I have the latest video driver for my Quadro video card and it surpasses all of the requirements listed on the website. It is configured to be solely used by On1.
My feeling is because I am making many individual edits to an extraction mask, the program is keeping a copy of each of the individual image states/stroke. I think they must be gobbling up my ram, till I am at 99% memory utilization and the program crashes, after progressively slowing down. Photoshop also keeps a history but, it manages the history file much better, by keeping most of it out of RAM, so, it doesn’t slow down or crash. When I first work on an image, things are fine/fast. Creating these masks with their many brush strokes, is the killer. I have to edit the masks in fine detail, for what I am doing - pulling out sculptures.
See the screen shots of crash messages and RAM usage at start and near crash state, below. The program starts at about 1.2GB and then over time with an image, it balloons up to 12, 13GB+ till my RAM is consumed. This even if I limit the ram to the program at 60%. If I close the program and reopen, it releases the RAM. Obviously this is not a tenable way to work. I will try and go back and forth to browse and edit, but, you should be able to just hit ctrl s, and keep steaming ahead. Or, quickly save multiple versions of an image. How about batch processing exports of different image sizes and types using presets? I keep finding simple things Photoshop can do that Photo Raw can't: e.g., content aware fill to expand backgrounds, insert a new completely blank layer into stack with user determined size, etc.

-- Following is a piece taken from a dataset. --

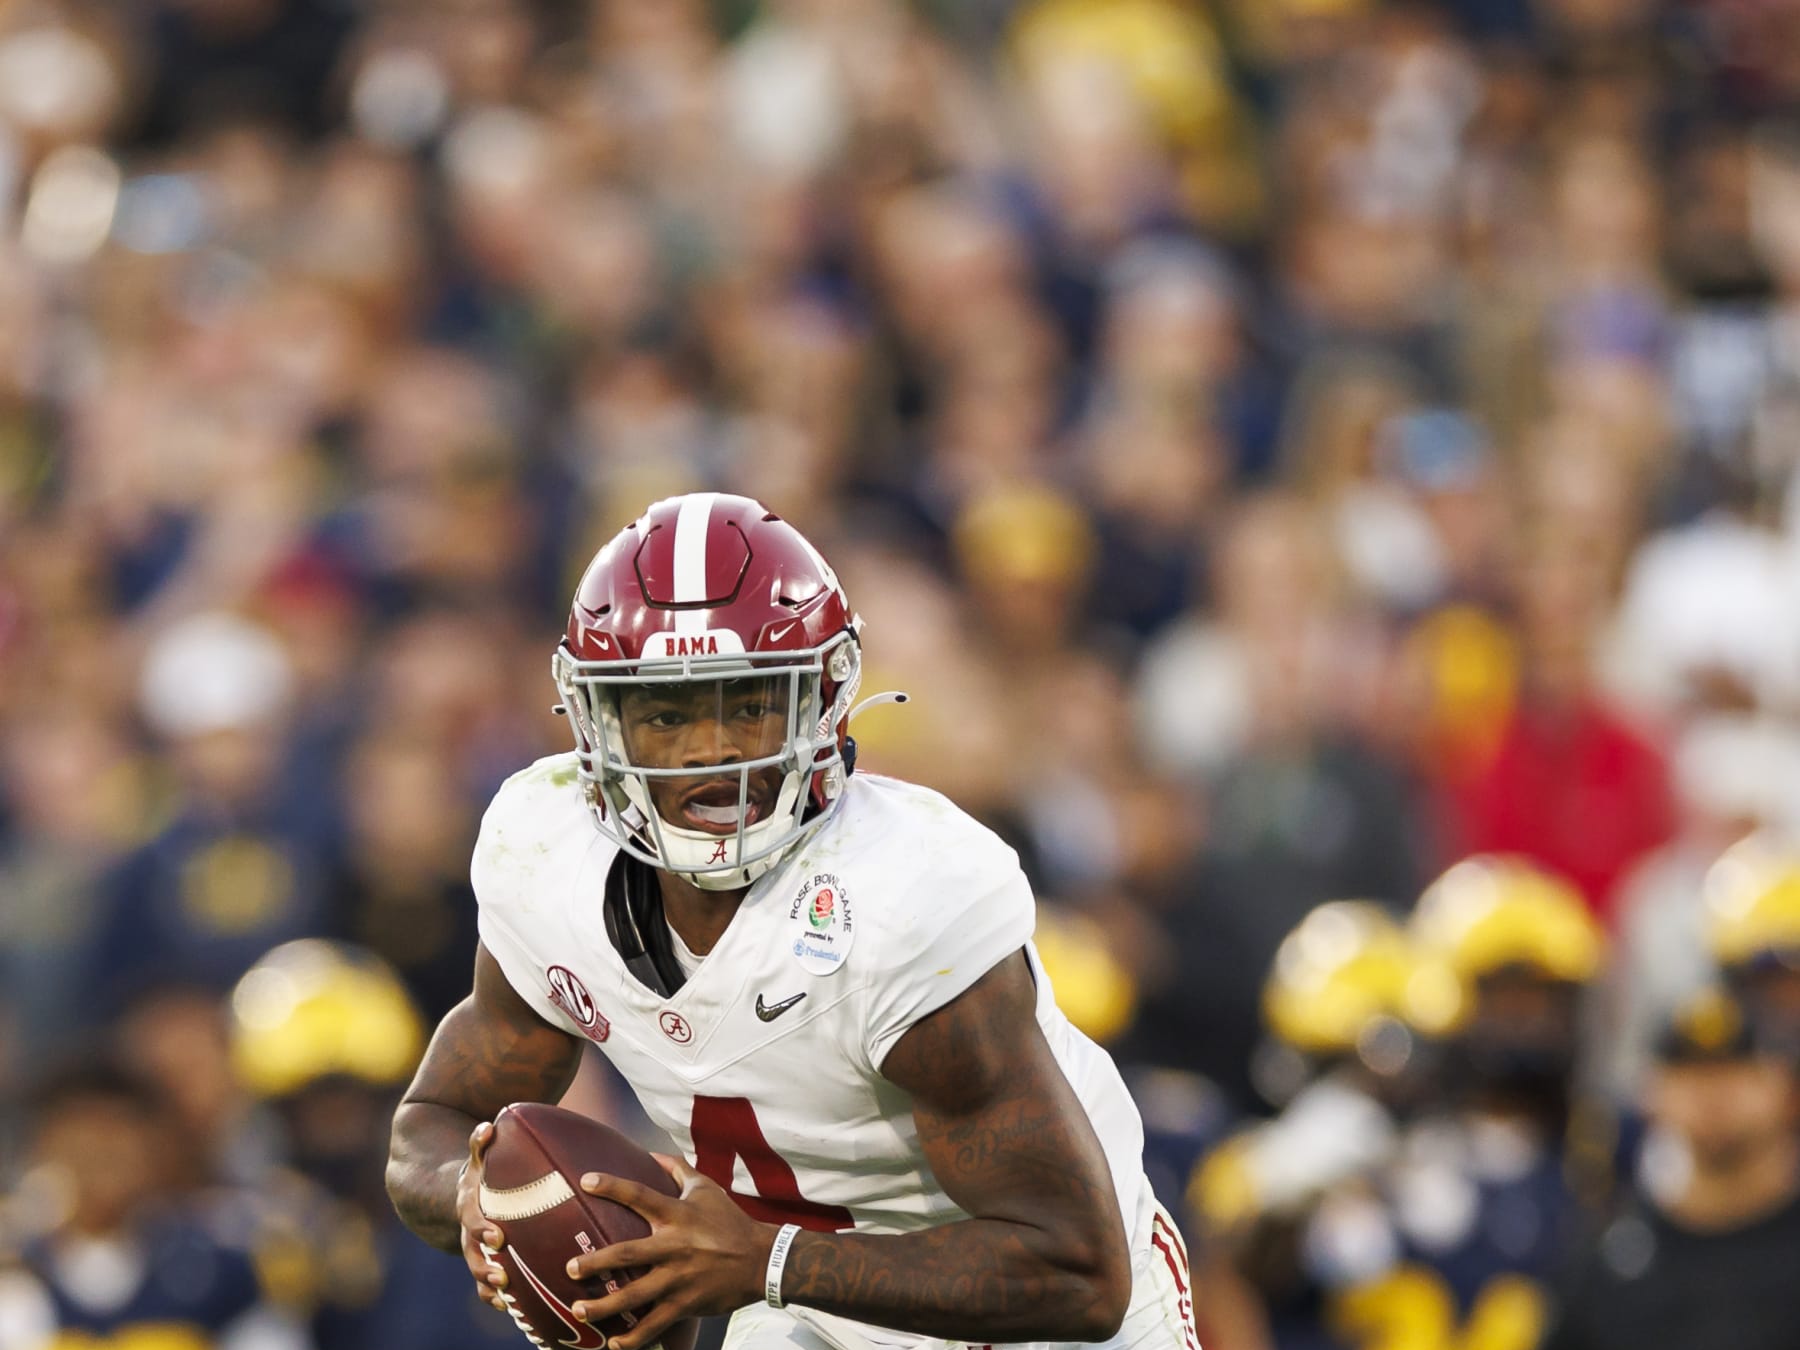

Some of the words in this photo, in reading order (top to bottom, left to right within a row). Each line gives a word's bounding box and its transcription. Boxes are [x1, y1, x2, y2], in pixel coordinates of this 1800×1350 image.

I watch videos and read the manual on using features such as refine brush. Is AI brush the same as Perfect Brush? I think the AI mask brush is sampling continuously as you drag across keep and drop colors. I use the chisel brush with varying success. I will try luminosity and color range masks. But, if my RAM is swallowed up, it leaves me in the same situation.
I am upgrading my OS to Win 8.1, but, I don’t expect this to help much all by itself. I work with Lightroom and Photoshop, with multiple images open, and do not get any slowing down, except when processing very large panoramas with 7,8+ 30MB frames.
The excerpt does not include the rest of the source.